Conversations et monologues 2328

Un soir, l'idée a commencé à germer... Cela faisait déjà des années que j'avais cette idée qui revenait régulièrement. Pourquoi pas un livre... ou du moins un recueil de textes?! C'est vrai, aprrès tout, pourquoi pas? Loin de moi la vie trépidante à la Indiana Jones ou à son homonyme féminine Bridget, ma vie a quand-même eu son lot de déconvenues aussi bien que d'instants de grâce qui méritent d'être partagés.
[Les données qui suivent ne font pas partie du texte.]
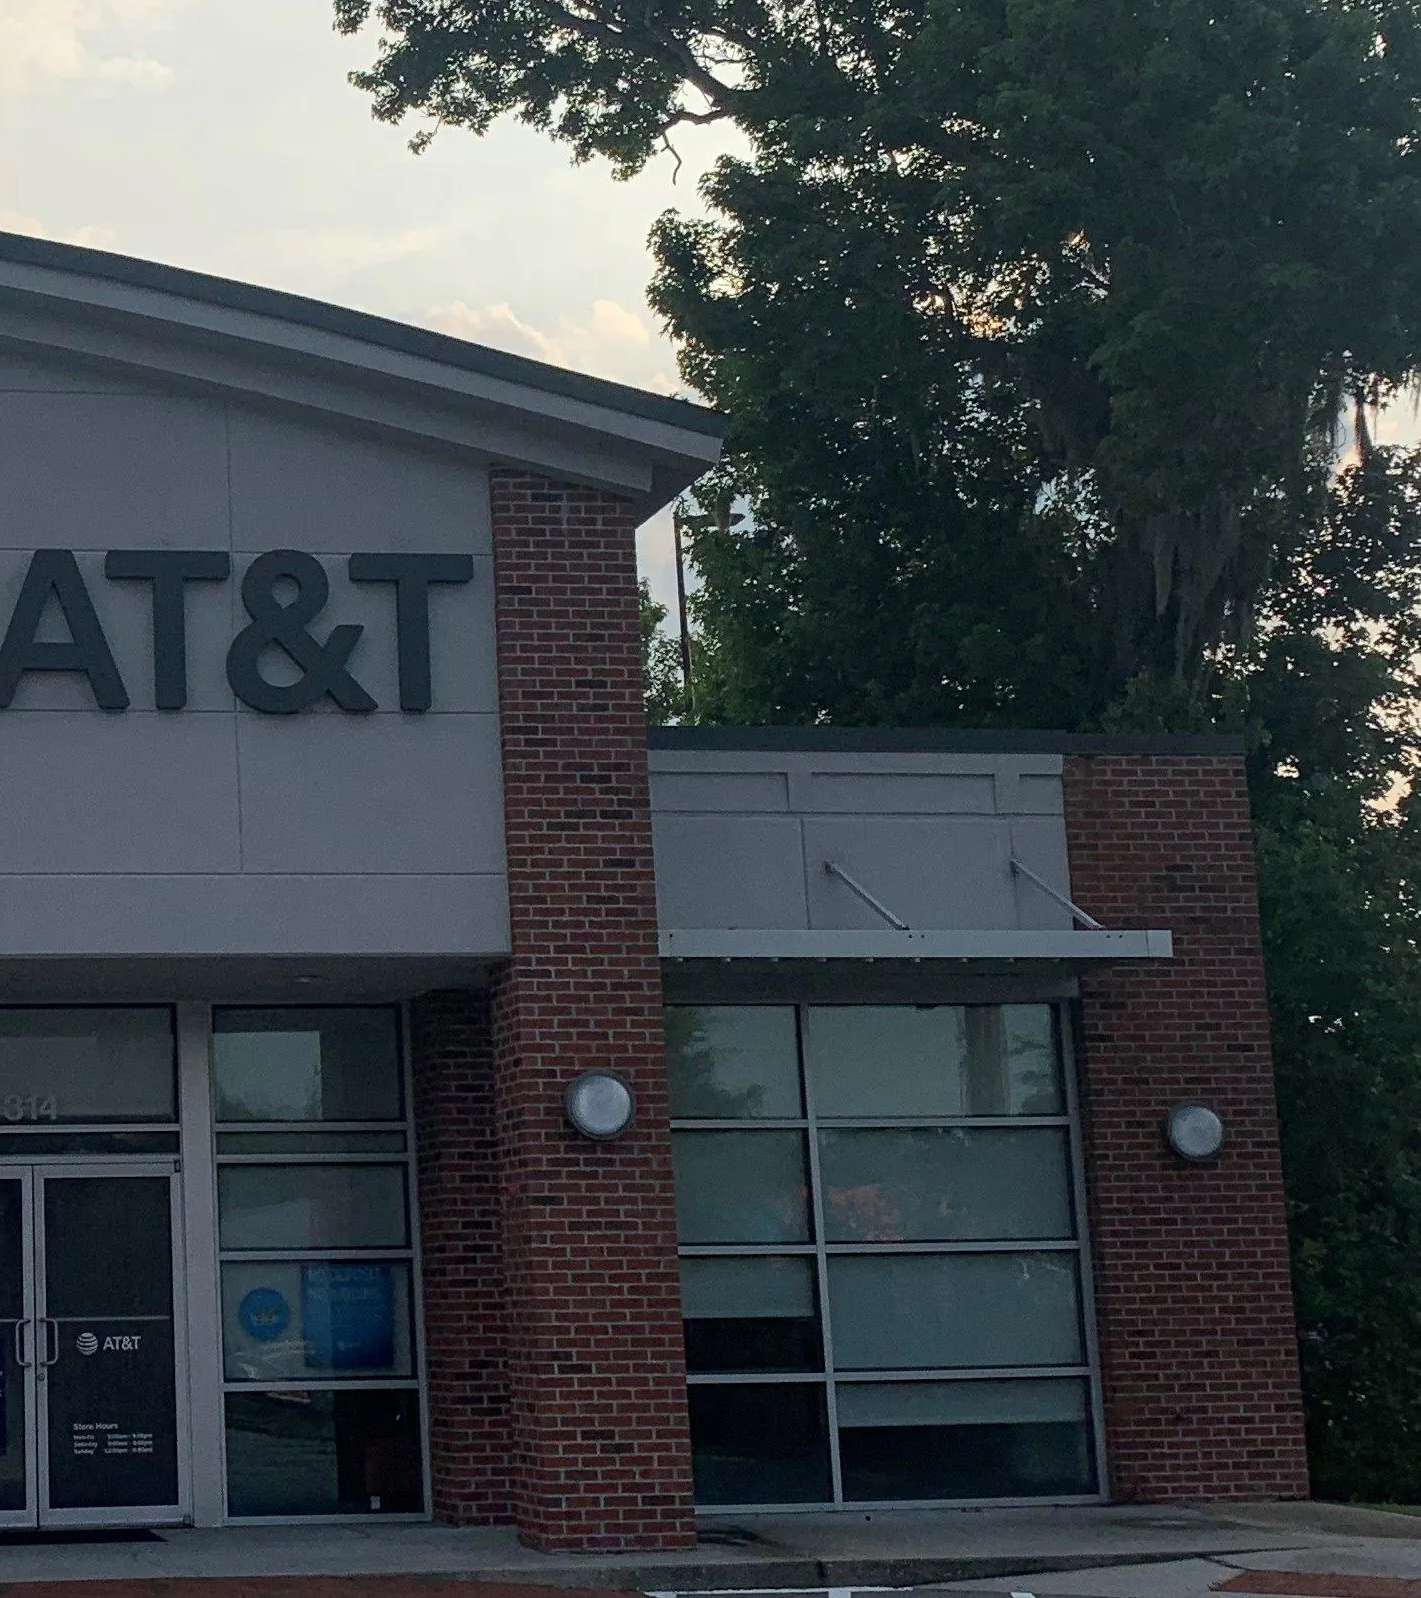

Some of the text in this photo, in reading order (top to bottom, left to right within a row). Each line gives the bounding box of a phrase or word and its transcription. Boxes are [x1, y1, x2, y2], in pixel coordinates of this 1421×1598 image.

Si j'écris, c'est pour que les jeunes (et les moins jeunes) demoiselles se disent "pourquoi pas?"... Inspirer une personne, la tirer vers le haut, faire en sorte qu'elle en veuille plus, plus que ce que la société veut bien lui donner comme rôle, comme place, plus que ce que son entourage veut bien lui donner comme importance... Rebattre les cartes de sa vie pour atteindre les sommets. Non, ces textes ne sont pas un énième papier de motivation à l'américaine, un enième bouquin de coaching sur comment mieux aimer ma vie, ou comment devenir quelqu'un... Non, ces textes sont des parcelles de vie racontées de manière vraie, parfois avec des mots crus. Mais ce partage peut réveiller les consciences, et créer le déclic... Donc oui, finalement, pourquoi pas un livre...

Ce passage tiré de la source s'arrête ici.